2.1 Der vorliegende Fall ist dadurch gekennzeichnet, dass der Kläger für die von ihm bewohnte Wohnung monatliche Wohnungskosten in Höhe von insgesamt 675 EUR zu entrichten hat. Diese Kosten sind ausgleichszulagenrechtlich neutral; sie richten sich (im Wesentlichen) auch nicht nach der Zahl der Bewohner und verändern sich nicht dadurch, dass ein Mitbewohner einen Beitrag zu den Wohnungskosten leistet; die gesamten Wohnungskosten sind unabhängig von solchen Umständen an dritte Personen abzuführen.

2.2 Die Situation des Klägers ist mit derjenigen zu vergleichen, in der mehrere Personen gemeinsam eine Wohnung mieten und die Kosten nach Kopfteilen tragen. Wie bereits unter 2.1 ausgeführt, hat die Art der Aufbringung der Wohnungskosten keinen Einfluss auf die Ausgleichszulage.

2.3 In diesem Sinn stehen die Beiträge, die der Kläger von seinen Mitbewohnern erhält, dem Kläger nicht real zur Verfügung, weil er sie – gemeinsam mit seinem Wohnungskostenanteil – an den Vermieter (und weitere Personen) abzuführen hat. Er ist nur derjenige, der die Beiträge der Bewohner zur Abdeckung der Wohnungskosten bei sich bündelt und weiterleitet.

Selbst wenn diese Beiträge als „Einkünfte“ klassifiziert würden, wäre zu berücksichtigen, dass sie umgehend an Dritte abgeführt werden und in diesem Sinn als „Verluste“ gegenzurechnen wären. Als Durchlaufposten bilden sie daher – entgegen der Ansicht der beklagten Partei – kein „Nettoeinkommen“, das § 292 Abs 3 ASVG als relevant für die Anrechnung ansieht.

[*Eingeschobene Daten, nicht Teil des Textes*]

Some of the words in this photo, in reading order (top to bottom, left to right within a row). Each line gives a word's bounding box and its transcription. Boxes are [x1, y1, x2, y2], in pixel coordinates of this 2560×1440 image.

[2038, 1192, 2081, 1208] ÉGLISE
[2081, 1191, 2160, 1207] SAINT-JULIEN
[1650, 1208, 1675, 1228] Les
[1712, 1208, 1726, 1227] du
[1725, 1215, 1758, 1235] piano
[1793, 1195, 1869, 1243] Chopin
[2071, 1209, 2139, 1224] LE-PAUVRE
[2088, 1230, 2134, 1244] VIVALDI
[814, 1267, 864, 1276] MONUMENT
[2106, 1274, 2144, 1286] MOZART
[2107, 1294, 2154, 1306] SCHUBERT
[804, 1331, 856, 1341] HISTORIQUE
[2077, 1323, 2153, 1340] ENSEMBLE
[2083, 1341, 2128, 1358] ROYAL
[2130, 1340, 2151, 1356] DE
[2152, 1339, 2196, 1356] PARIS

2.4 Ähnlich wie bei Lebensgefährten (vgl 10 ObS 47/16h) führen Synergieeffekte aus dem gemeinsamen Wohnen ausgleichzulagenrechtlich nicht zu einer Anrechnung; wie bereits dargestellt entrichten die Mitbewohner an den Kläger keine bedarfsmindernden Zuwendungen.

3. Zusammenfassend ist dem Standpunkt der beklagten Partei nicht zu folgen, dass die dem Kläger von den Mitbewohnern geleisteten 350 bis 400 EUR monatlich ausgleichszulagenschädlich seien.

Der Revision ist daher keine Folge zu geben.

Die Kostenentscheidung beruht auf § 77 Abs 1 Z 2 lit a ASGG.